I have read a couple of hours about random sampling and the distribution and I guess that I have figured it out, but I am not 100 % sure. So, maybe one could cross-check my claims :-)

Assume we have a Population $P$ where we are interested in e.g. the body weight per individual.

  • We assume that the distribution of the body weight of the population is $W_0$.
  • Let $W$ denote the body weight of an individual within this population (so, $W$ and $W_0$ should be identically distributed, right?)
  • Now, we assume that the observed body weight for the $i$th individual is $W_i$. Hence, $W_i$ is also a random variable and $W_i$ has the same distribution as $W$ since $W$ is the distribution of an individual of the population, correct?

The conclusions I draw and where I am not sure about are bold. Thank you very much in advance!

1

There are 1 best solutions below

0
On BEST ANSWER

You might believe that weights in a certain population are normally distributed (weights in pounds), with mean $\mu = 150$ and some unknown standard deviation $\sigma.$ To check this belief you might test $H_0: \mu = 150$ against $H_a:\mu \ne 150.$

You randomly sample $n = 100$ subjects from some normal population, obtaining weights $W_i, W_2, \dots W_{100}$ with sample mean $\bar W = \frac 1n \sum_i X_i = 149.65$ and sample standard deviation $S = \sqrt{\frac{1}{n-1}\sum_i (W_i - \bar W)^2} = 20.05.$

stripchart(w, pch="|")

enter image description here

So you didn't get exactly $\bar W = \mu = 150.$ The question is whether, considering the variability of weights in this population, the difference between $\bar W$ and $\mu = 150$ is due to chance of whether the difference is 'statistically significant' at the 5% level.

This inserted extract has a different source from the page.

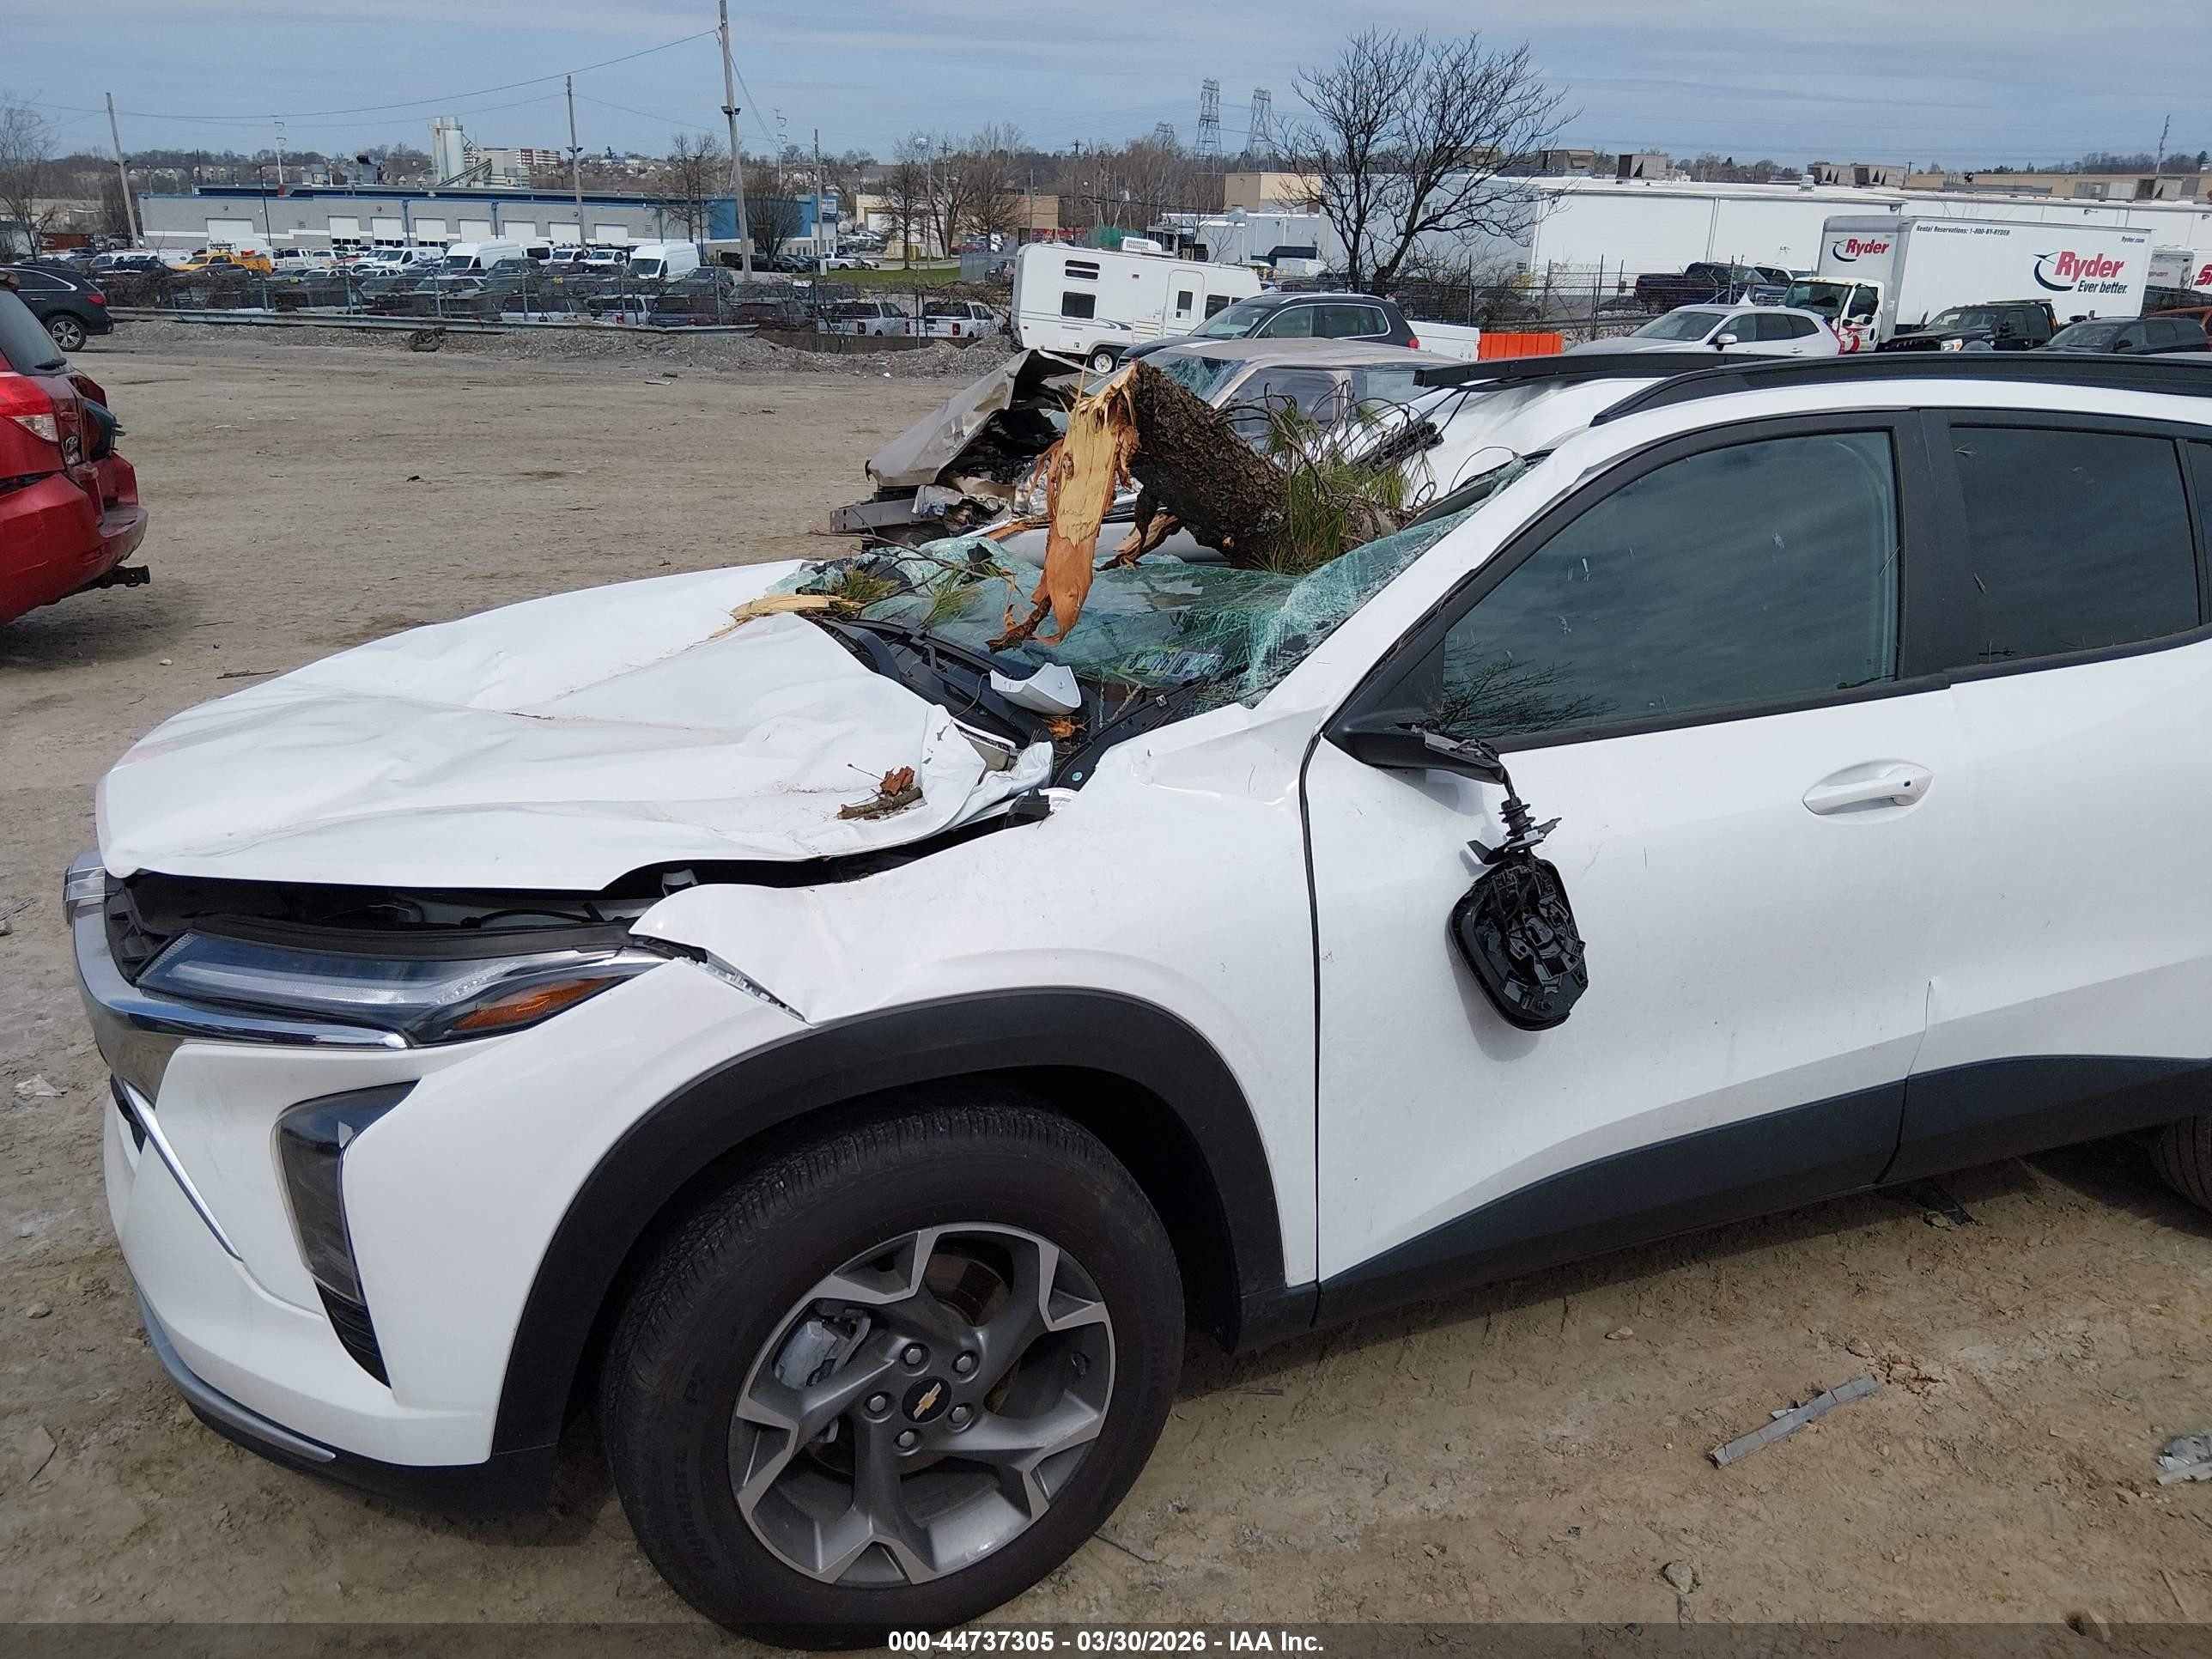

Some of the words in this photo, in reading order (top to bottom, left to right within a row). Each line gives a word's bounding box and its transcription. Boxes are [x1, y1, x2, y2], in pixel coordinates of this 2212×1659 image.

[1845, 239, 1890, 257] Ryder
[2054, 251, 2125, 283] Ryder
[2076, 280, 2100, 293] Ever
[2099, 281, 2128, 294] better.

Then you could use a one-sample t test to decide the issue of statistical significance. In this case, the tests statistic is $T = \frac{\bar X - 150}{S/\sqrt{n}} = -0.17681.$

You would reject $H_0$ at the 5% level of significance if $|T| \ge c = 1.984,$ where $T \sim \mathsf{T}(\nu = n-1 = 99),$ Student's t distribution with 99 degrees of freedom. The critical value $c=1.984$ cuts probability $0.025$ from the upper tail of the t distribution. [In R, qt is the quantile function (inverse CDF) of a t distribution.] We do not reject $H_0$ because $|T|$ is so near the critical value $c.$

Roughly speaking, a t statistic near $0$ is a way of saying that the sample mean $\bar W$ and the population mean $\mu$ are not remarkably different.

qt(.975, 99)
[1] 1.984217

Also, the P-value of this test is the probability of a value of $T$ might be more extreme (in a positive or negative directions) than the observed value $-0.177.$ [In R, pt is the CDF of a t distribution.] We do not reject $H_0$ at the 5% level because the P-value exceeds $0.05 = 5\%.$

Roughly speaking, a P-value above 5% is another way of saying that the sample mean $\bar W$ and the population mean $\mu$ are not remarkably different.

pt(-0.17681, 99) + 1 - pt(0.17681, 99)
[1] 0.8600188

All of this (except for the critical value $c$ of a test at the 5% level), is shown as output to the procedure t.test in R, as follows.

t.test(w, mu = 150)

        One Sample t-test

data:  w
t = -0.17681, df = 99, p-value = 0.86
alternative hypothesis: 
  true mean is not equal to 150
95 percent confidence interval:
 145.6676 153.6235
sample estimates:
mean of x 
 149.6455 

In addition, the output of t.test shows a 95% confidence interval $(145.67,\, 153.62).$ This indicates the $\mu = 150$ (inside the interval) is a believable value of the population mean based on what we see in the sample.

Below is a plot of the density function of the distribution $\mathsf{T}(99).$ The observed value of $T = -0.1768$ is shown as a solid vertical line. The P-value is twice the area under the curve to the left of this line. (The dotted vertical line is as far from 0 as the solid one.)

The critical values, $\pm c = \pm 1.984$ are shown as vertical red dashed lines.

enter image description here

R code for figure:

hdr="Density of T(99)"
curve(dt(x, 99), -4, 4, ylab="PDF", xlab="t",
     col="blue", lwd=2, main=hdr)
 abline(h=0, col="green2")
 abline(v=0, col="green2")
 abline(v = -0.1768, lwd=2)
 abline(v = 0.1768, lty = "dotted")
 abline(v = c(-1.9842,1.9842), col="red", lty="dashed")

Notes: (1) In case it is of interest, here is R code used to sample the fictitious data used above:

set.seed(411)
w = rnorm(100, 150, 20)
mean(w);  sd(w)
[1] 149.6455
[1] 20.04775

(2) In case you had advanced information that standard deviations of weights in this population are $\sigma = 20.$ The you could do a z test instead of a t test.

Some people seem to think it is OK to do a z test anytime $n > 30,$ using the sample SD $S$ as if it were the same as $\sigma$ (rarely exactly true). That's a somewhat risky approximate procedure.

For my particular fictitious data, it happens that an approximate z test would not have led to rejecting $H_0.$ R does not have a named procedure for z tests. In case it is of interest, I'll show results from a z test from Minitab statistical software below.

One-Sample Z 

Test of μ = 150 vs ≠ 150
The assumed standard deviation = 20

  N    Mean  SE Mean       95% CI           Z      P
100  149.65     2.00  (145.73, 153.57)  -0.17  0.861